Having worked with dozens of public sector organisations to deliver ERP systems, it’s those very disparate cultures that make readiness such a challenge. Those cultural differences may appear subtle to an outsider because it’s as much about the language and terminology each department uses as much as it’s about functional variation.

When we are talking about ERP readiness to those responsible for a particular service line, they don’t see it as solving problems for their core business. Each local authority service line has its own specific IT system requirements. In social care there will be case management systems, in housing, there will be property systems to help them manage the collection of rent against properties. The point of view of each of these departments is that its current system is their primary requirement; not ‘this ERP thing’. By many, the ERP is seen as something that the finance or HR people impose upon the wider organisation rather than something that will help them save time, improve efficiency or even use in their daily duties.

For this reason, it is especially important that buy-in comes from the top down and spreads throughout all service lines. In 95 percent of cases, the decision to embark on digital transformation comes from the corporate centre (be that the finance director or the HR director). People outside the corporate centre need to understand the necessity and the urgency of the change.

The executive leaders need to explain what, when and why. As with any big business change, individuals worry it might cause job losses, ineffectiveness and a have a negative impact on their own ability to succeed. In the public sector, you will find a higher number of people who have been in the organisation for life… or plan to stay for life. They are heavily emotionally invested in providing high-level service to citizens and also fiercely protective of their colleagues.

Get feedback from key stakeholders on current business processes – not just current technology

Combine this with the sense that only their team fully understands their own service line and that an ERP couldn’t possibly bend to fit each very specific need and you have an increased need to ensure that the top down communication doesn’t feel like an ill-conceived top-down imposition.

Most decisions around ERP changes take a year or more, and the implementation takes many months, or even years. For most people, this feels very far off. Getting future ERP users to take an interest early enough isn’t easy. But it is fundamental to successful digital transformation.

Defining desired outcomes, identifying stakeholders and building a business case has to take all service lines into account. Whoever leads the charge must speak the same language as each of those individual departments and the individuals who will ultimately use the system.

Don’t confuse top-down communication with one-way communication. Get feedback from key stakeholders on current business processes – not just current technology. Software that works doesn’t equate to processes that work.  Business processes shouldn’t be defined by an IT department, ERP project team or your leadership in a vacuum. Have key stakeholders help define, validate and test. Those stakeholders shouldn’t just be managers and supervisors. In the public sector, you will have employees who have been with the organisation for decades. They are just as respected by their peers as anyone from the corporate centre.

These long-termers are often the ones most likely to resist change. They come from a culture of unionised action. They have seen big changes fail.
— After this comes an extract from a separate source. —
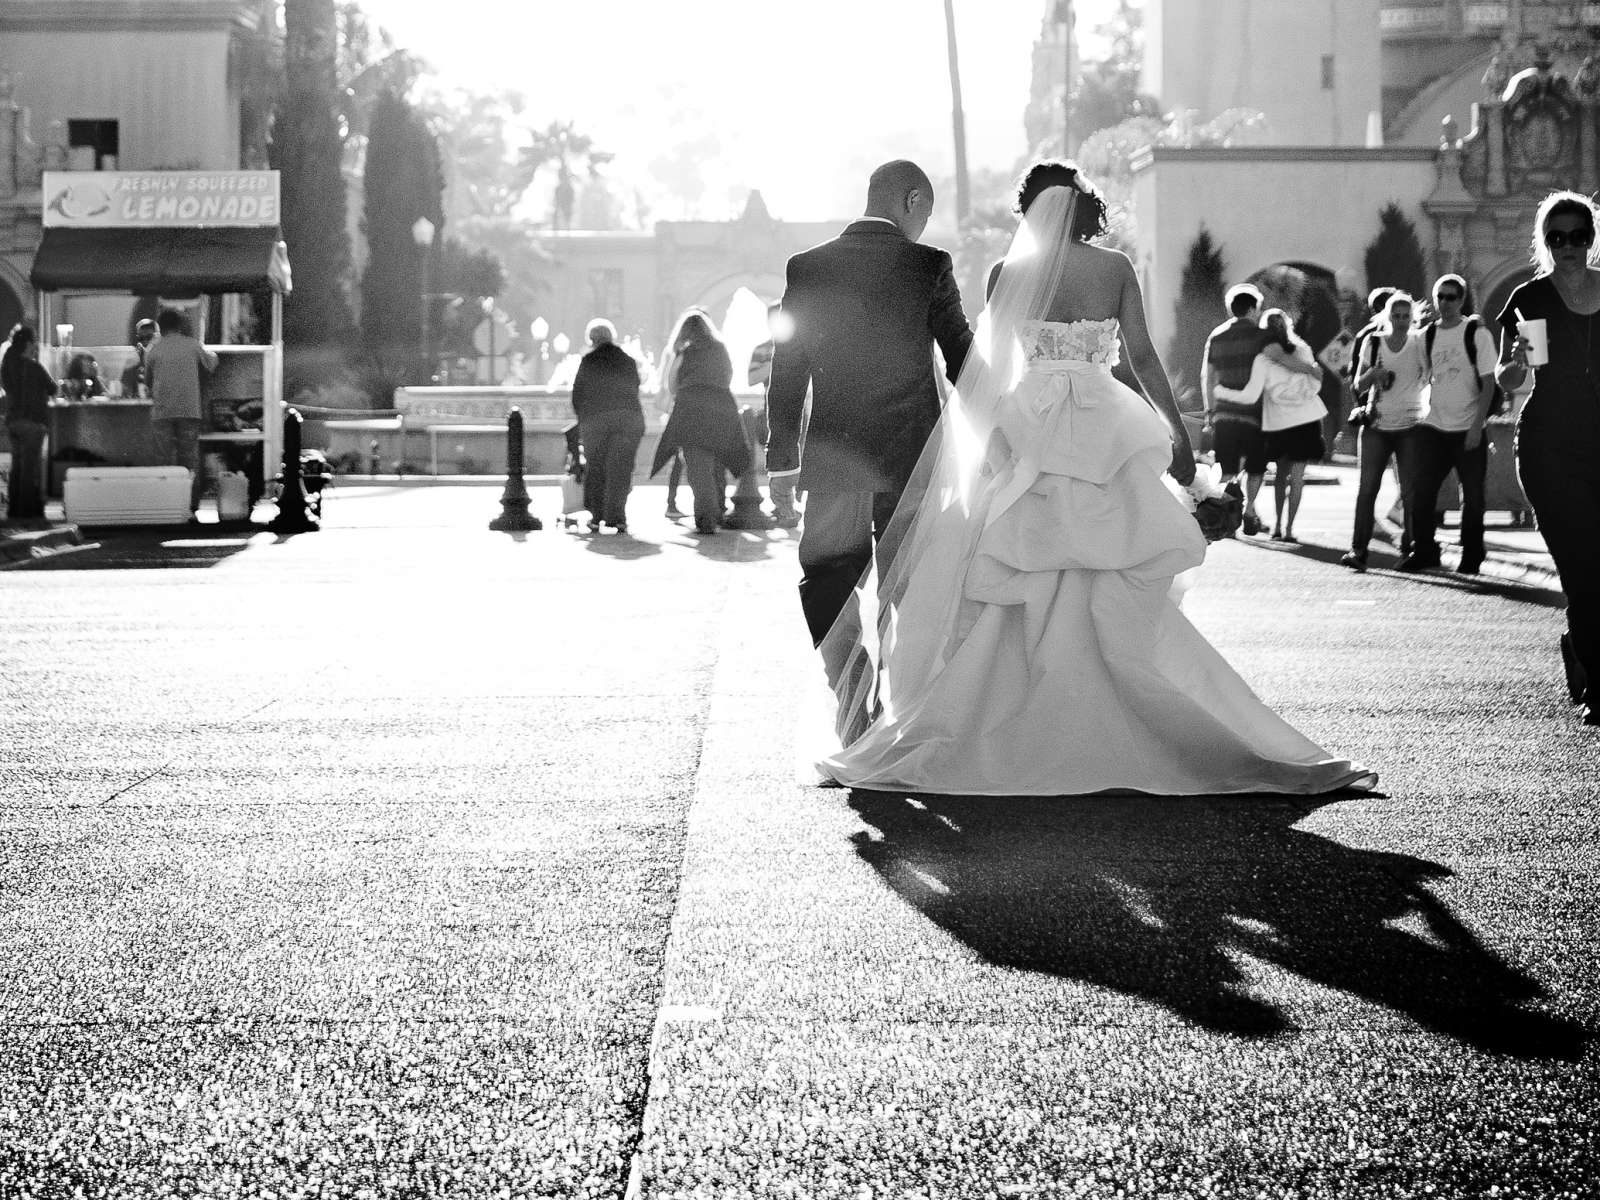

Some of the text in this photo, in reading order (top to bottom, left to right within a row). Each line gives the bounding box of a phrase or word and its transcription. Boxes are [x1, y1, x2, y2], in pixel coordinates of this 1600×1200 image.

[112, 176, 269, 192] FRESHLY SQUEEZED
[122, 196, 274, 219] LEMONADE
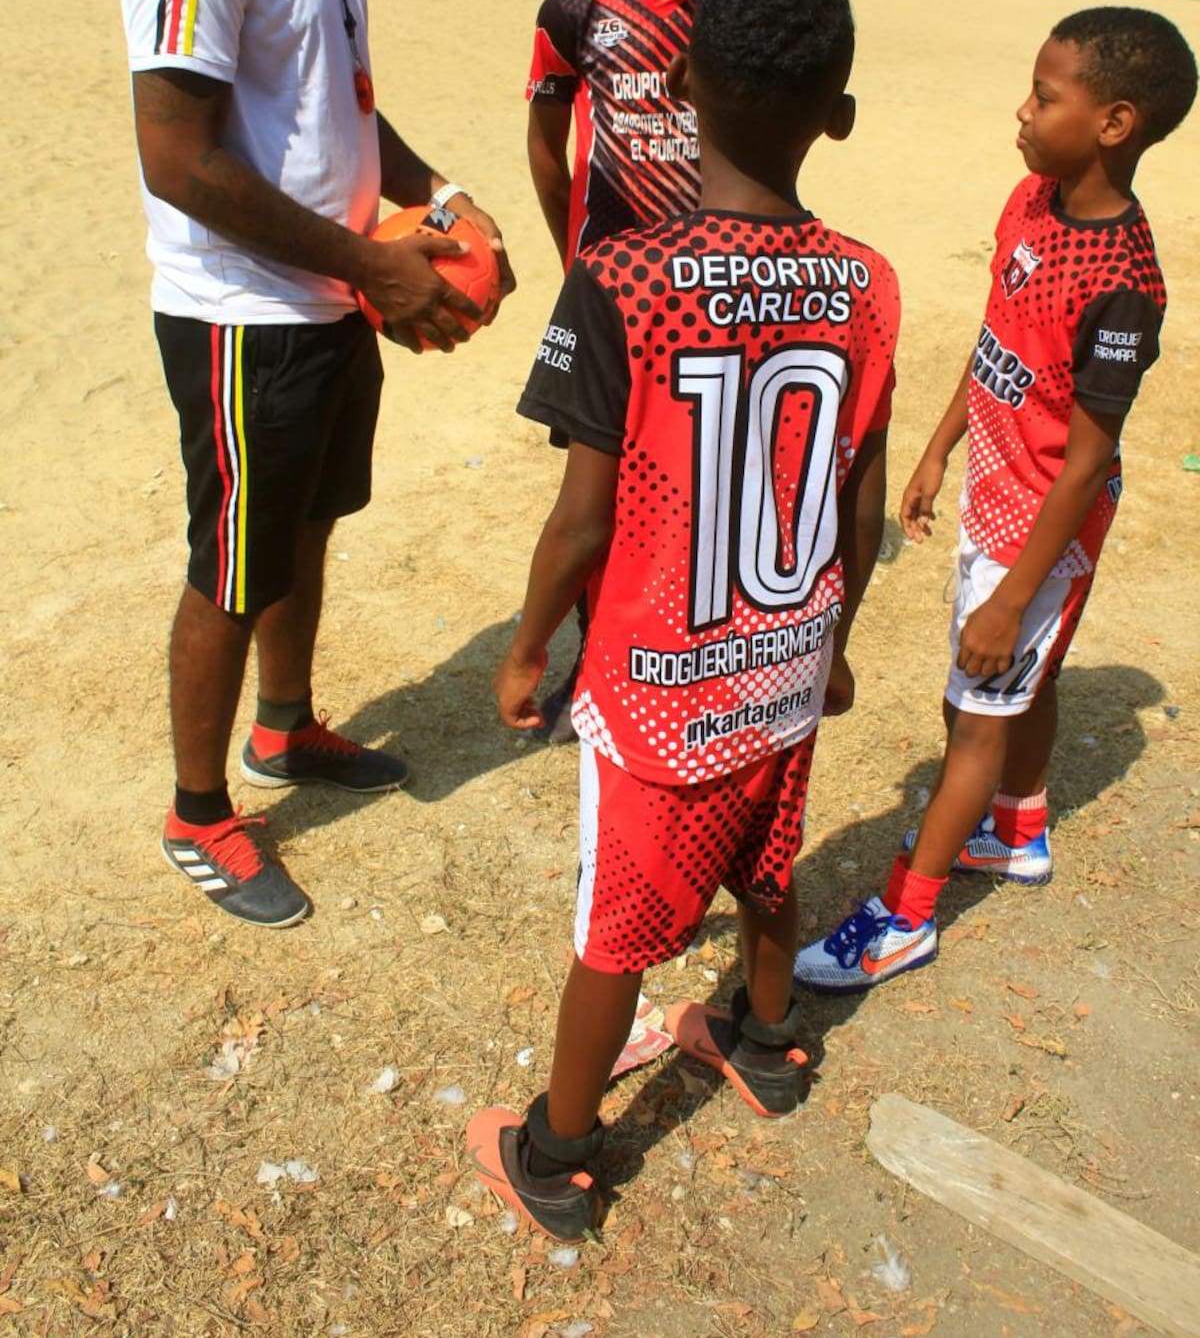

It’s those stakeholders that you need to turn into advocates. Include them in your steering committee, get them involved in collecting feedback and concerns from their peers. Have them involved in testing, training and then championing your digital transformation. Without them, you won’t get the level of detail you need to build change readiness across such intricately nuanced service lines. With them on your side, you will gain valuable insights for readiness, adoption and post-implementation success.